Une femme dans la nuit, Julian ne connaissait pas. A deviner
sous les doigts, sans un regard, sans consentement, que
d'interrogations. Les doigts qui se posent sur ce vide nouveau
pour lui, devant lui inventé, une femme dans la nuit
d'une ville brûlante - n'avait jamais connu, et ça
le laissait indécis, comme désorienté
et ne sachant, au juste, par où commencer.
- Et si on parlait ?
- Mais de quoi ?
- Je ne sais pas moi, parler...
*****
Peter regardait par la fenêtre
: cette ville sans lumière. Il regardait et ne voyait
rien, c'était ça le miracle, la fascination.
Rien d'autre que l'obscurité et alors, comme de la
rue bruissante, montaient des souvenirs et de douces peurs
; des envies de se terrer dans des caves, contre le tissu
rigide de la jupe de sa mère, écoutant de
toutes ses oreilles des paroles d'adultes qu'il ne comprenait
pas entièrement. Il pensa que ces moments-là
de sa vie - c'était il y a combien de temps déjà,
soixante ans, mon dieu, est-ce possible, soixante ans ?
- ces moments-là avaient été les seuls
où il se soit jamais senti en sécurité,
quelle ironie, bien sûr, mais c'est ainsi pourtant
: parmi ces gens aimants et terrorisés, blotti contre
sa mère qui lui caressait la tête, le berçait,
et tandis que l'on mourait au-dehors, Peter avait connu
des moments de bonheur indicibles.
- Tu joues, Peter ?
Il se levait, ouvrait doucement la boîte noire qu'on
lui tendait, et du haut de ses huit ans, sans voir où
il posait ses doigts, son archet, il faisait résonner
dans la cave sombre des chants et des danses qui masquaient
les bruits de la ville, qui recouvraient peut-être
les visages d'un voile de sourire.
- Tu joues encore, Peter ?
Oui, Peter jouait encore, et il ne jouait que pour eux,
ceux qui étaient morts et ne l'entendaient pas, il
sortit le violon de sa boîte " et ce soir aussi
pour New York sans lumières, New York qui se cache
à son tour ", pensa-t-il. Il pensa aussi que
ce serait bien, de mourir à présent, de mourir
ainsi, mais bien sûr ce n'était pas aussi simple.
*****
Il tenait à la main une lampe
; c'est ainsi qu'il se promenait, Andrew, appuyant une lampe
contre son épaule - presque tendrement. C'était
une lampe plutôt classique, rien de bien remarquable
à présent qu'il y songeait, une lampe au pied
en bois décoré de moulures, à l'abat-jour
de tissu épais, d'un beau rouge-orangé et
qui, chose admirable, pouvait se visser sur le pied, ce
qui lui donnait une stabilité rare pour un abat-jour
traditionnel. Et puis c'était un cadeau, ce qui n'était
pas la moindre de ses qualités.
Ainsi chargé, il arpentait cette ville qui n'avait
pas voulu de sa mort, cette ville qui, au moment même
où il allait précipiter la lampe dans l'eau
du bain déjà fraîche (et il n'était
pas certain que ce fût là la raison des frissons
qui le parcouraient), avait lancé un " non !

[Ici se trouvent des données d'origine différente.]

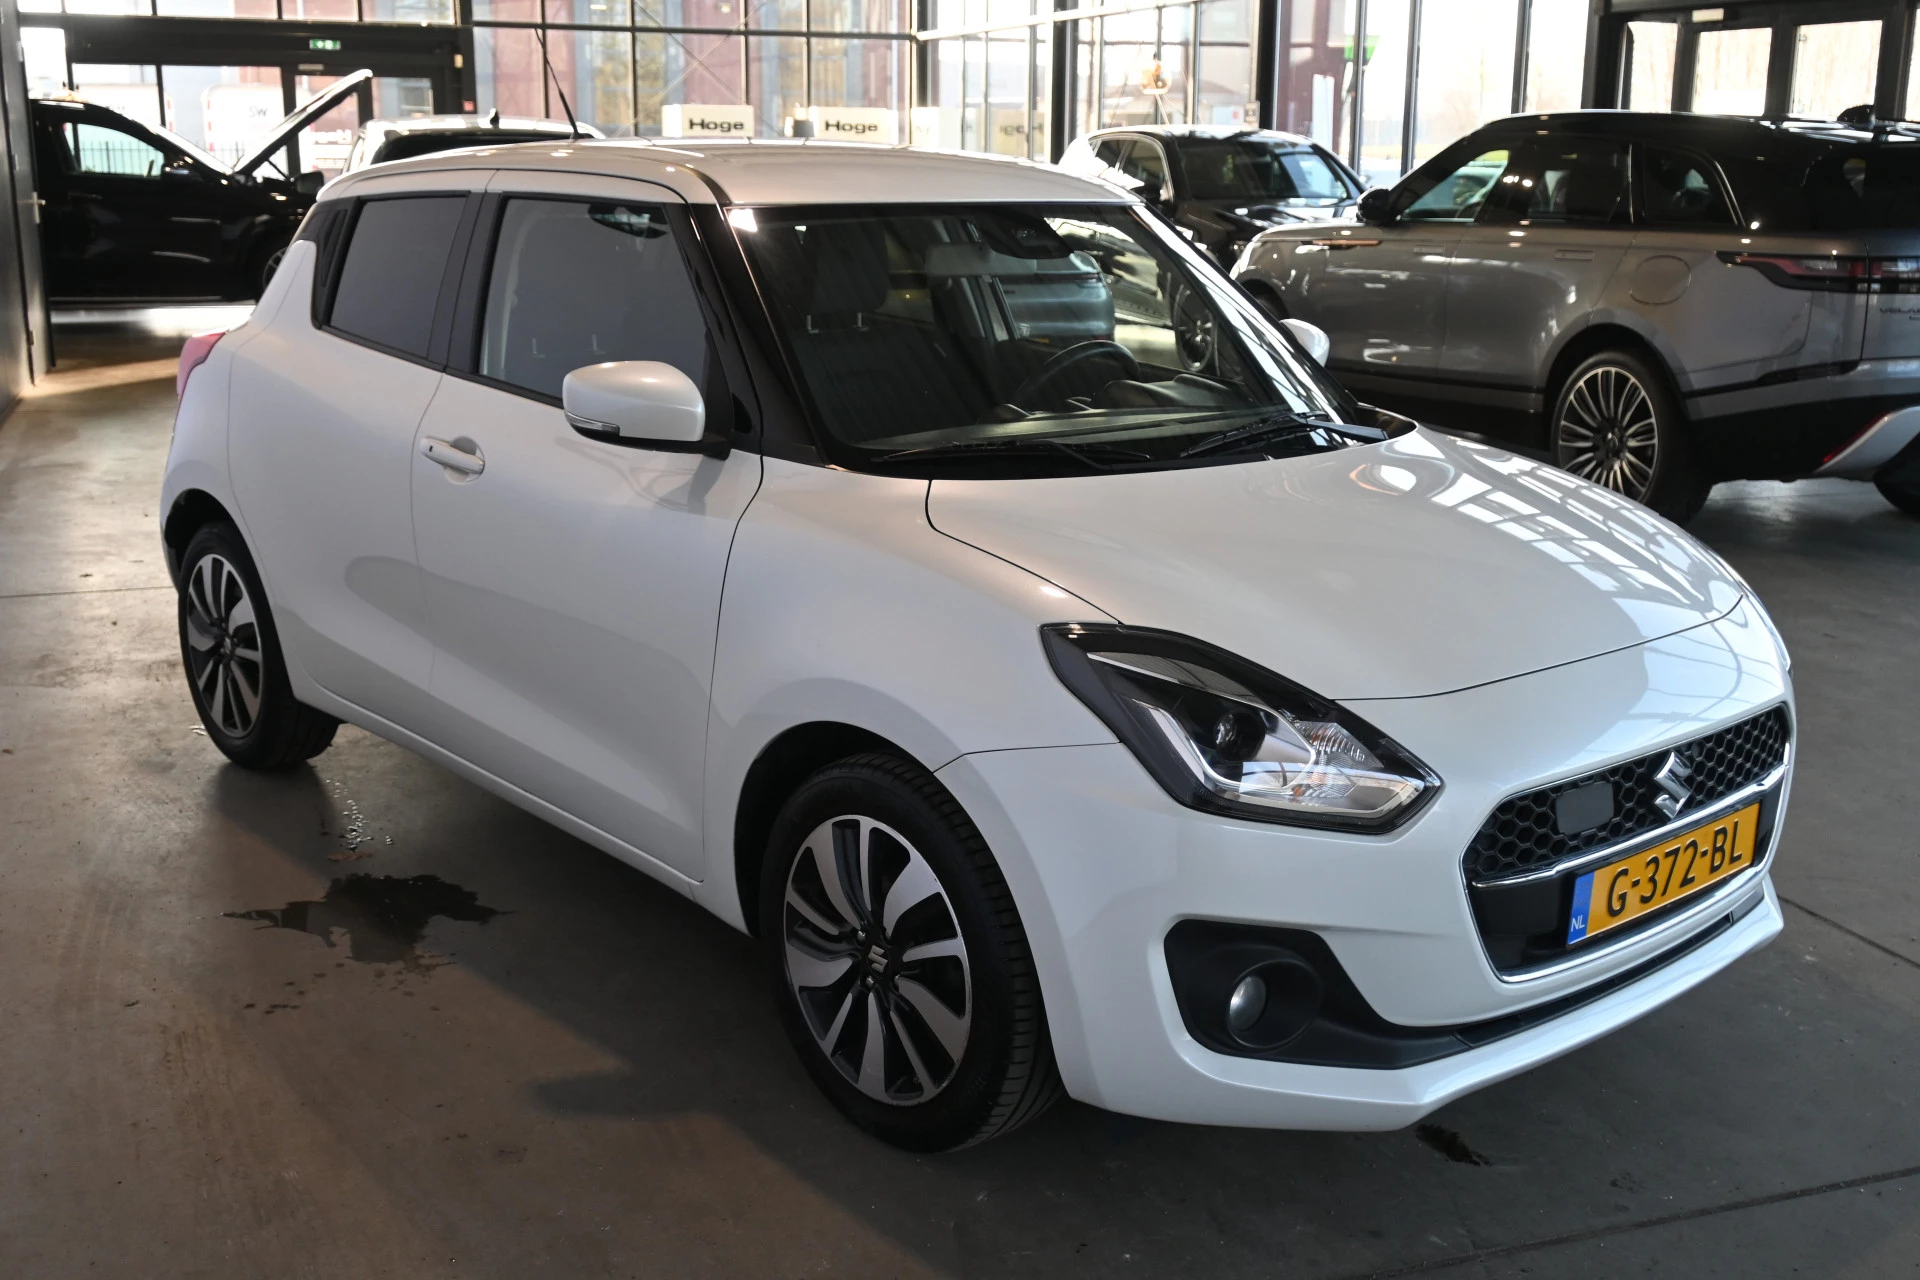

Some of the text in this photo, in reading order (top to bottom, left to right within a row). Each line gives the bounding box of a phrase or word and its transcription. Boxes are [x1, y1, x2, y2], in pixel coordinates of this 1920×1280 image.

" silencieux, disjonctant tout entière, comme
un héros de l'enfance aurait arrêté
le bras armé d'un couteau, dévié la
trajectoire d'une balle mortelle.
Rien donc.
Pas de choc. Pas d'électrocution. Juste le noir infini
d'une salle de bains aveugle.
Alors il était sorti de l'eau, tenant toujours la
lampe à la main, il avait cherché une serviette,
des habits, il tremblait de tout son corps à présent,
une fois sorti de la salle de bains, il s'était rendu
compte que ce n'était pas la nuit, pas encore, il
tremblait toujours, la cage d'escalier, en revanche, était
dans l'obscurité totale, il avait cherché
une bougie, des allumettes, mais ça n'avait pas été
possible, pas si facile, en somme, d'y voir clair, de comprendre
pourquoi tout continuait, alors qu'il avait imaginé
que cela finissait, et comment ne pas le prendre comme un
signe du destin ? Il était sorti, il avait descendu
à tâtons les 327 marches qui le menaient au-dehors,
et c'est en arrivant sur le trottoir qu'il avait remarqué
la lampe entre ses doigts crispés, il aurait pu la
déposer là, avec les poubelles, mais il n'en
avait rien fait. Plus tard, il avait croisé un homme
fluorescent, un couple avec des casques de mineurs sur le
front, une famille accrochée à des lampions
allumés comme pour une fête, mais lui c'était
sa lampe éteinte qui le guidait dans la ville.
*****
L'enfant s'appelait Max et il avait
quatre ans. L'âge où l'on se sait capable de
vider l'océan avec son seau et son arrosoir, de tamiser
la plage, de punir la mer si elle inonde le château
de sable. Il avait dormi et à son réveil les
invités étaient là, il y avait du monde
parlant, buvant sur le balcon de ce dix-septième
étage, il y avait des piles d'assiettes et des verres
dépareillés, quelques serpentins, des moustaches
de feutre fatigué sur la table, et puis des photophores
aussi, mais il n'avait vu que le gâteau, le très
grand gâteau au chocolat surmonté de quatre
bougies devant lequel sa mère l'installait à
présent, réclamant le silence, passant ses
doigts dans les cheveux mouillés de transpiration
de son enfant, alors chacun s'était tourné
vers lui qui, debout sur une chaise, avait gonflé
ses poumons comme s'il aspirait tout l'air de la nuit, et
il avait soufflé
Levant alors les yeux, il avait vu. La ville. Les lumières
de la ville. Disparues. Il avait, d'un seul souffle, éteint
toutes les lumières de la ville. Fantastique.
- Dis Maman, tu as vu ?
- Oui, bravo mon chéri. Je suis fière de toi.
*****
Lucie aimait faire développer
ses photos en une heure ; la publicité disait "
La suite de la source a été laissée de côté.